Except for a two-year hiatus (1942-43) during World War II, it’s become a summer ritual in Salisbury.

Legion ball returned in 1944 for a 30-game season, made a quantum leap in popularity with the 1955 team’s run to the World Series, and managed to stay relevant through the years, despite changing attitudes and changing times and competition from other baseball organizations.

But a proud streak of 76 consecutive local Legion seasons has ended. COVID-19 concerns have wiped out Legion programs for this summer. That includes not only junior and senior American Legion baseball, but also the fast-growing Lady Legion softball program. Anything connected with American Legion is off the table. No summer ball will be sanctioned by American Legion.

That doesn’t rule out some form of Legion-style baseball being played this summer — played with Legion-style rules and played by Legion-age youngsters for teams made up of players from traditional Legion boundaries. There’s still a high level of interest from coaches and administrators in making that happen.

High Point Post 87 has taken a leadership role in an effort to create an alternate summer league. Post 87 announced Tuesday that its program will continue this summer “when state and local guidelines are eased.” Post 87’s proposed league — the N.C. 3 American Baseball League — would include “historical Area III teams.”

Obviously, Rowan County would be a key component of such of a league.

“We’d be willing to field a team when we’re allowed to field a team,” Rowan team manager Mark Cauble said. “It wouldn’t be Legion, but we’d try to make it as close to Legion as we can get it. We’ll do what we can to provide a place to play for those young men who already have lost high school and college seasons.”

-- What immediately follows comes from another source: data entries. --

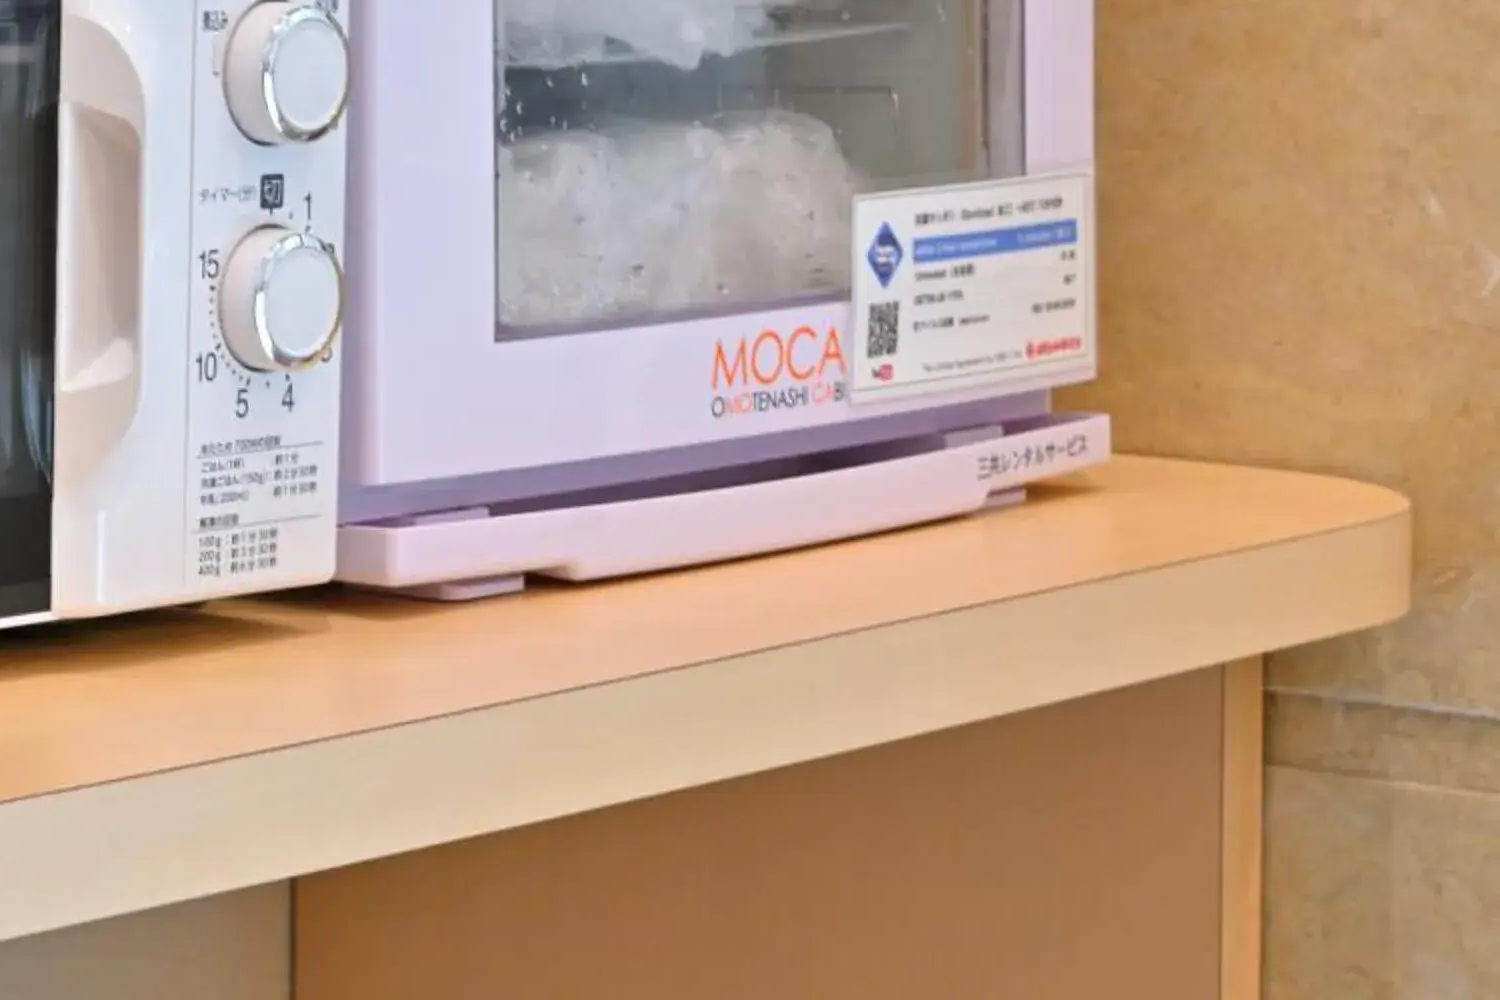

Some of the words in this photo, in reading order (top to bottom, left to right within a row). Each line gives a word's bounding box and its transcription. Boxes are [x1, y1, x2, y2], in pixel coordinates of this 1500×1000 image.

[303, 190, 312, 221] 1
[199, 250, 219, 278] 15
[196, 352, 217, 383] 10
[712, 325, 847, 391] MOCA
[235, 389, 249, 419] 5
[281, 382, 295, 413] 4
[711, 385, 809, 418] OMOTENASHI

There’s little doubt there will be players who are itching to compete later this summer.

Mocksville announced via social media on Tuesday that a conference call was held with eight other Area III members. Plans are being formulated. Those programs are committed to playing this summer whenever it is safe to do so.

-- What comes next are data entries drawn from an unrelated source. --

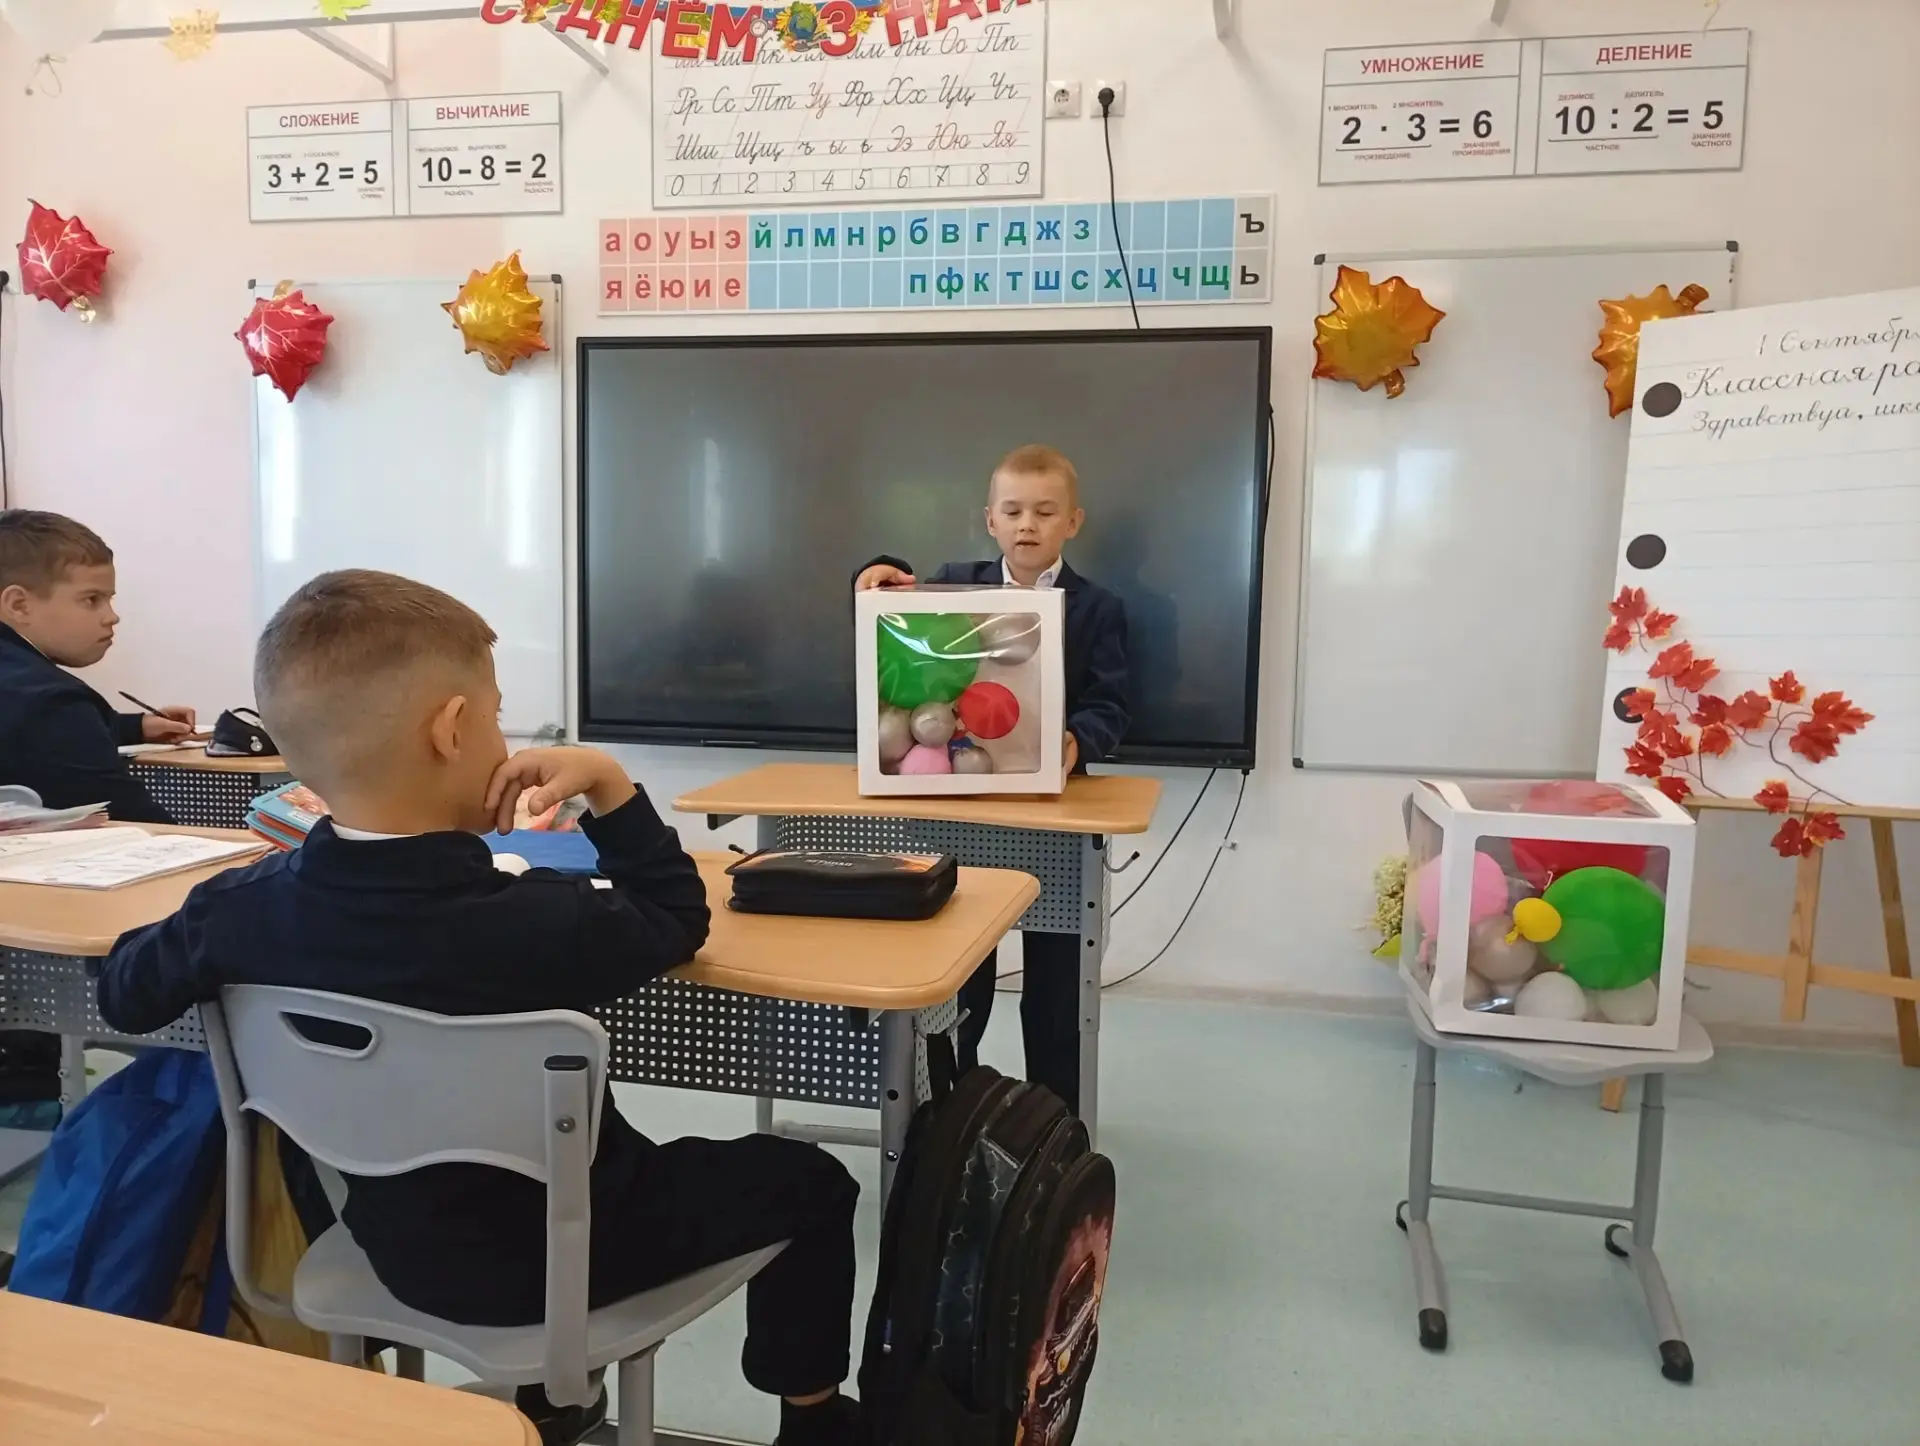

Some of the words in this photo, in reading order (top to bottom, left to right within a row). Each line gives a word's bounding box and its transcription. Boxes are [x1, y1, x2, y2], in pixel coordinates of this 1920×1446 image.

[819, 0, 1031, 56] ЗНА
[1361, 54, 1484, 74] УМНОЖЕНИЕ
[1596, 43, 1692, 65] ДЕЛЕНИЕ
[436, 103, 530, 120] ВЫЧИТАНИЕ
[674, 86, 703, 126] Рр
[712, 85, 736, 113] Сс
[744, 83, 796, 112] Тт
[805, 81, 831, 119] Уу
[839, 80, 874, 117] Фф
[883, 76, 928, 105] Хх
[938, 74, 976, 109] Цц
[990, 72, 1018, 99] Чч
[279, 112, 360, 128] СЛОЖЕНИЕ
[1555, 105, 1595, 135] 10
[1633, 103, 1653, 132] 2
[1702, 100, 1723, 130] 5
[675, 133, 719, 160] Шш
[735, 131, 784, 164] Щщ
[798, 141, 815, 156] ъ
[830, 140, 847, 155] ы
[860, 139, 873, 153] ь
[887, 125, 913, 151] Ээ
[928, 122, 971, 150] Юю
[982, 120, 1018, 148] Яя
[268, 164, 282, 188] 3
[315, 162, 329, 186] 2
[364, 160, 378, 184] 5
[422, 157, 452, 182] 10
[480, 155, 495, 180] 8
[531, 153, 546, 178] 2
[670, 175, 684, 196] 0
[712, 173, 721, 193] 1
[744, 172, 758, 194] 2
[783, 170, 796, 192] 3
[821, 170, 834, 191] 4
[855, 168, 872, 190] 5
[897, 167, 911, 188] 6
[935, 165, 949, 187] 7
[976, 163, 989, 186] 8
[1016, 161, 1029, 184] 9
[605, 232, 620, 252] а
[634, 232, 651, 251] о
[664, 231, 681, 257] у
[691, 230, 714, 249] ы
[725, 229, 741, 249] э
[755, 221, 771, 248] й
[784, 227, 803, 248] л
[814, 227, 835, 247] м
[848, 226, 864, 246] н
[878, 225, 896, 252] р
[909, 217, 928, 244] б
[942, 223, 960, 243] в
[976, 222, 989, 242] г
[1004, 221, 1027, 246] д
[1036, 220, 1061, 240] ж
[1073, 219, 1090, 240] з
[606, 279, 622, 299] я
[635, 274, 651, 299] ё
[660, 278, 684, 298] ю
[694, 278, 711, 298] и
[724, 277, 741, 297] е
[910, 274, 926, 293] п
[936, 267, 964, 300] ф
[974, 272, 989, 292] к
[1006, 271, 1023, 291] т
[1035, 270, 1060, 290] ш
[1071, 269, 1089, 290] с
[1103, 268, 1123, 289] х
[1137, 267, 1157, 292] ц
[1172, 266, 1191, 286] ч
[1201, 265, 1229, 290] щ
[1240, 265, 1260, 285] ь
[1683, 366, 1871, 400] Классная

American Legion had canceled things at the national level more than a week ago, erasing the regional tournaments and the popular World Series in Shelby from the calendar.

Hope remained in the past week for local Legion seasons to take place, a little later than normal, culminating with a state championship tournament, perhaps even a North Carolina vs. South Carolina, bi-state championship. Those hopes were crushed on Monday when the state’s executive committee opted to follow the guidance of their leaders at the national level.

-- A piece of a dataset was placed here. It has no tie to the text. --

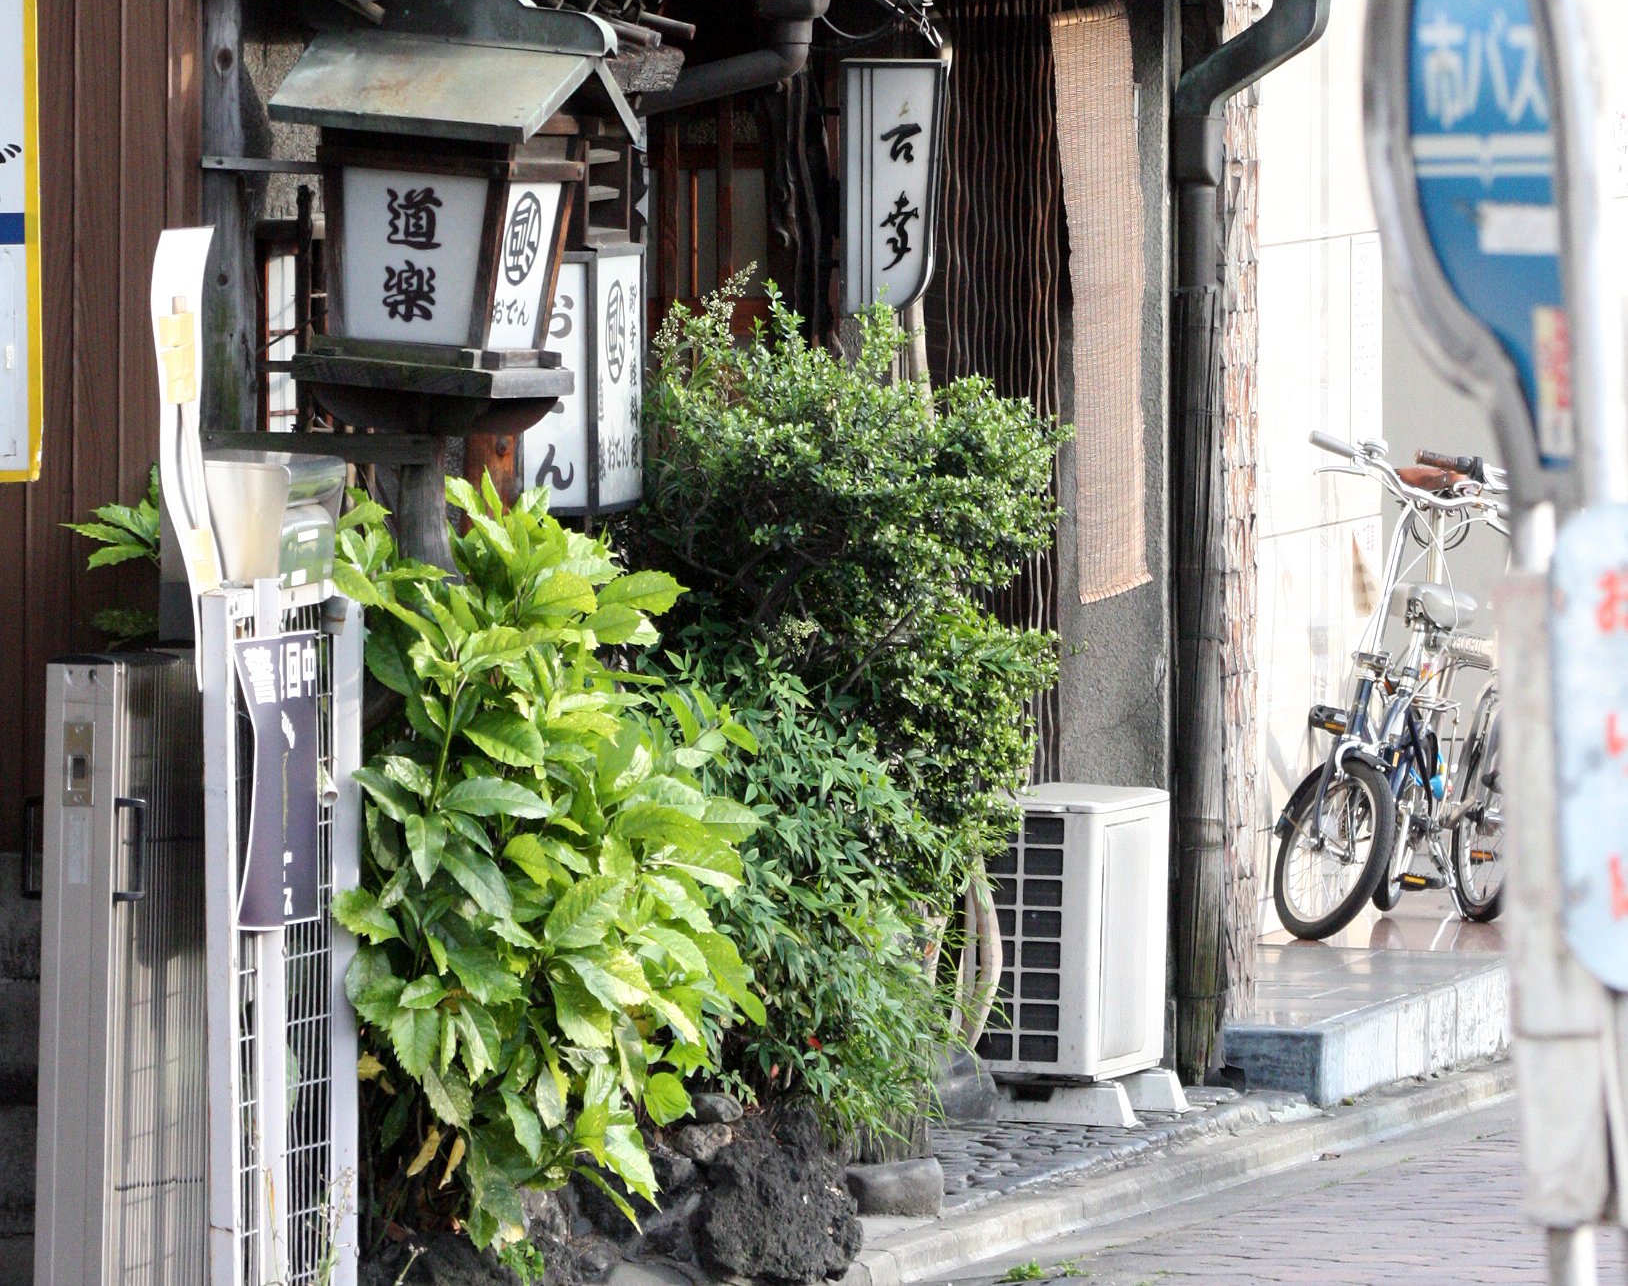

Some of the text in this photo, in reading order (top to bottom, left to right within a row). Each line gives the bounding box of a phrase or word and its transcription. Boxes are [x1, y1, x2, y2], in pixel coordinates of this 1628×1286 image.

[382, 187, 442, 323] 道楽
[491, 298, 530, 327] おでん
[607, 434, 629, 469] おでん

″The Department Executive Committee met and voted on the spring and summer youth programs for the North Carolina American Legion,” said  Cauble, who is the American Legion Baseball director for North Carolina. “All youth programs for the 2020 spring and summer have been canceled.”

Cauble understands the safety concerns and other potential issues,  but like a lot of people, he hated seeing American Legion shutting every door and window in mid-April. Legion seasons normally get going in late May, as the high school seasons conclude.

North Carolina is under a stay-at-home order through April 29. Schools are closed through May 15.

“The four area commissioners recommended to the Department Executive Committee that any decision be delayed until Gov. Roy Cooper’s office provided new guidance,” Cauble said.

That recommendation was denied by unanimous vote.

So there won’t be Legion baseball in Davidson County for the first time since 1945. There won’t be Legion baseball in Belmont for the first time since 1956. There won’t be Legion baseball anywhere in the state. That’s a tough pill for sports fans to swallow.

“They wanted to make a decision here and now,” Cauble said. “But things may look a lot different on May 15. They make look different two weeks from now.”

A number of states, including New York, hardest hit by COVID-19, are waiting to make a decision on Legion ball this summer.


Little League International, which has more than 6,500 programs in more than 80 countries, has asked all local leagues to suspend operations until May 11, but hasn’t yet canceled the season.